Thermo Fisher Scientific keeps its “finger on the technology pulse” through a formal prequalification process whereby adherence measurement solutions that make the cut can be seamlessly integrated into the clinical trial supply chain, according to Sarah Englert, senior director of innovation and program management. It then partners with research sponsors to make “informed decisions,” on a case-by-case basis, about which technologies to potentially deploy in studies. 

“We are agnostic because, honestly, we can be,” Englert says. “We are constantly looking... [for the] latest and greatest technologies to help us to innovate for the clinical trials of tomorrow.” 

Many of the solutions tested in-house don’t meet the quality or regulatory bars to be added to the portfolio, says Englert. The collection currently reflects the popularity of smart caps, which passively capture a pill bottle being opened, and blister packages, for pill-by-pill tracking, which is where the shift to smart packaging began.  

But the portfolio will be expanding with the addition of other solution types—e.g., smart injectable therapy containers with a sensor-triggering plunger, smart metered-dose inhalers equipped with built-in sensors for tracking consumption patterns and daily use, and smart sharps containers that track injection adherence. There are even tabletop pill-dispensing devices with programmable alerts and reporting capabilities that will also remind individuals to take their blood pressure and have the reading sent to study teams via Bluetooth technology. 

A vast number of data platforms and patient information management systems exist on the market capable of receiving the signals sent from these various smart technologies, providing analytics that could potentially help study teams monitor and manage medication adherence, Englert says. Those will oftentimes be linked with a smartphone app that films the dosing event, or the interactive response technology system that manages patient randomization. 

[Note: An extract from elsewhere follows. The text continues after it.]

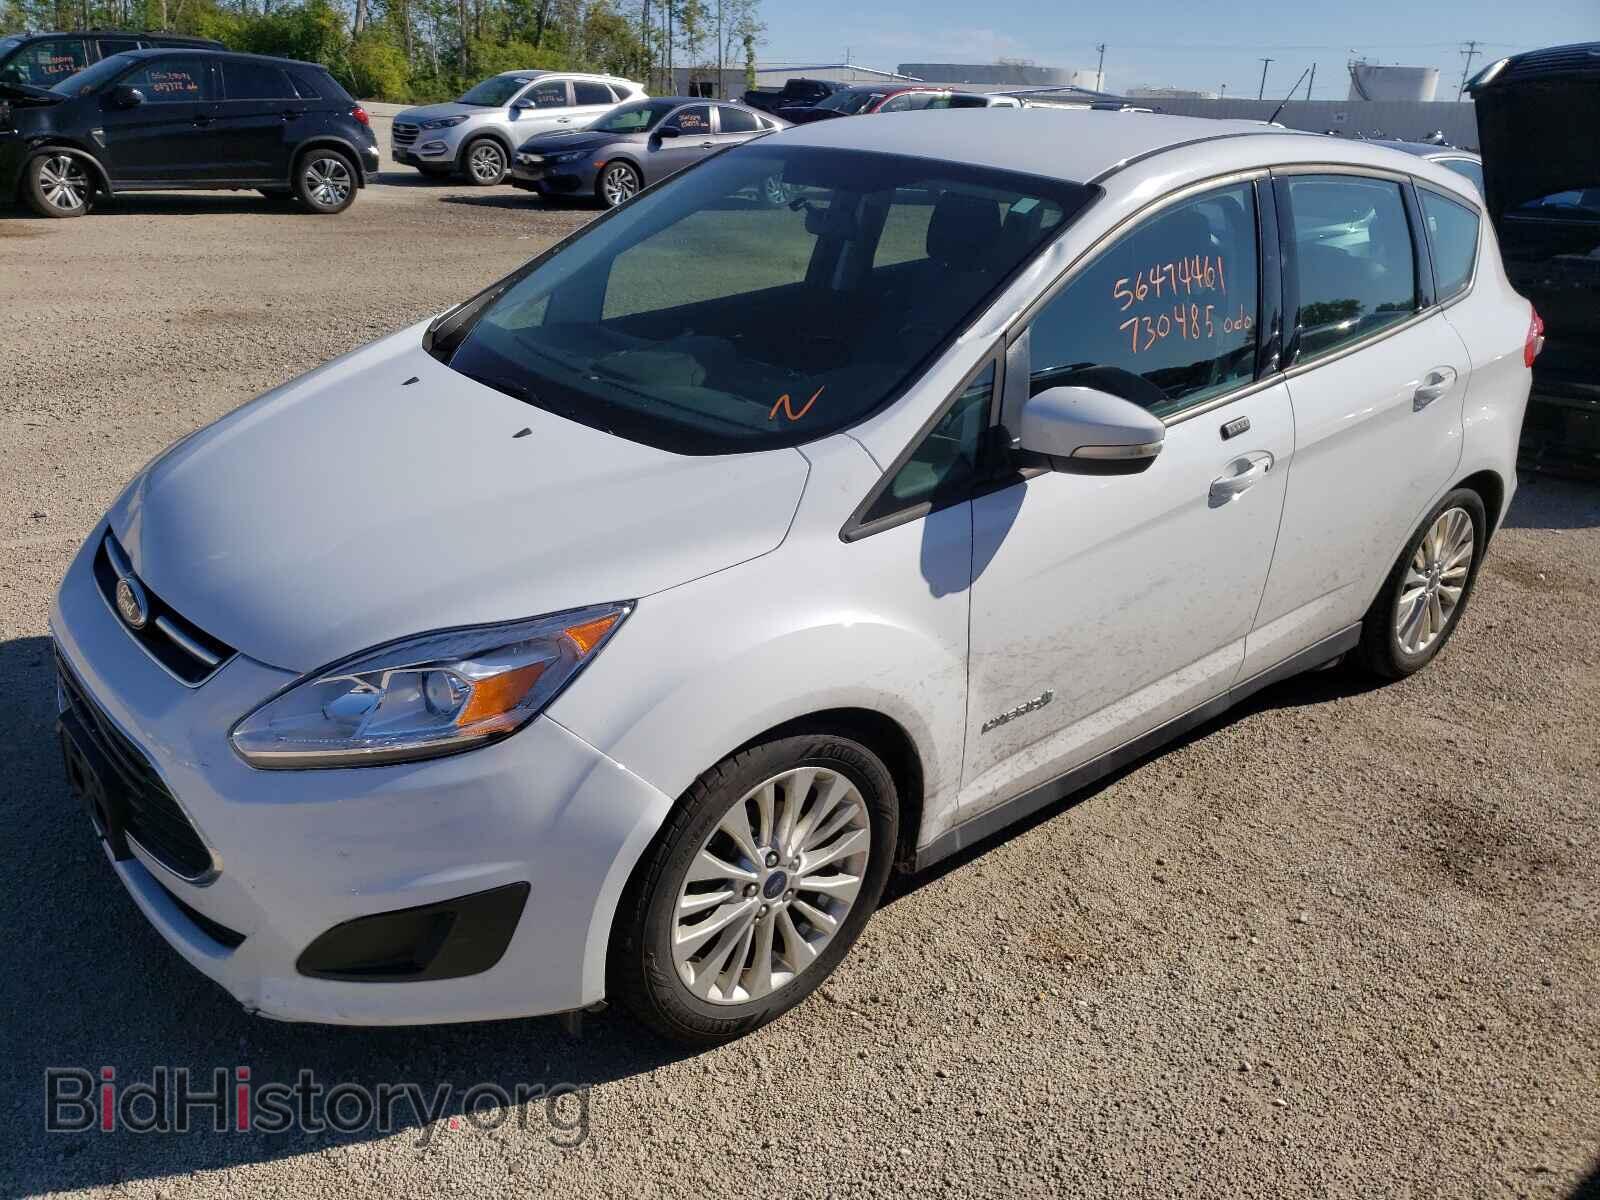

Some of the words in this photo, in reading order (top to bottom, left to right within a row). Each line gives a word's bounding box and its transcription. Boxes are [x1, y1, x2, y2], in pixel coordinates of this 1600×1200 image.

The biggest issue in using any digital platform in the context of a clinical trial is to ensure it is “super secure,” says Englert, meaning it can meet all data security and privacy regulations in the jurisdictions where it is to be used. And those types of regulations are always changing and specific to a country and even the trial type. “You have to look at the use case.” 

Game-Changing Insights 

Englert likens advancements in the field to digital innovation across industries, like the evolution in how a pizza gets ordered and delivered. A decade ago, “I didn’t know it got to my house until it got to my house,” she says, “and now I can literally see that dot on my cell phone... [and] manage my expectations.” 

But instead of harvesting insights to improve the customer experience with pizza delivery, technology can be repositioned to produce real-time insights about adherence with an investigational product, so study teams know “when and where to proactively intervene,” says Englert. “Those types of insights are going to change the game for clinical trials... and optimize them to be able to touch more people globally. 

“It really is a race against time here, and... a tremendous opportunity to transform clinical trials for tomorrow based on some of this meaningful innovation,” Englert continues. “It is all about making things customer-centric, or patient-centric... [as has been seen] in every other industry.” Smart packaging has the potential to “improve flexibility and agility... improve quality and reduce waste,” she adds, pointing to its ability to help companies reach their sustainability goals.  

Adoption of smart packaging is driven by both study design and objectives, she says. They are often a great fit for direct-to-patient trials, where participants are administering a therapy on their own at home, but also in cases where a dosing schedule is particularly complex to “mitigate the extra variables” that impinge on adherence. “Traditionally the way that clinical trial protocols would mitigate for this is either over-enroll or by focusing on education.”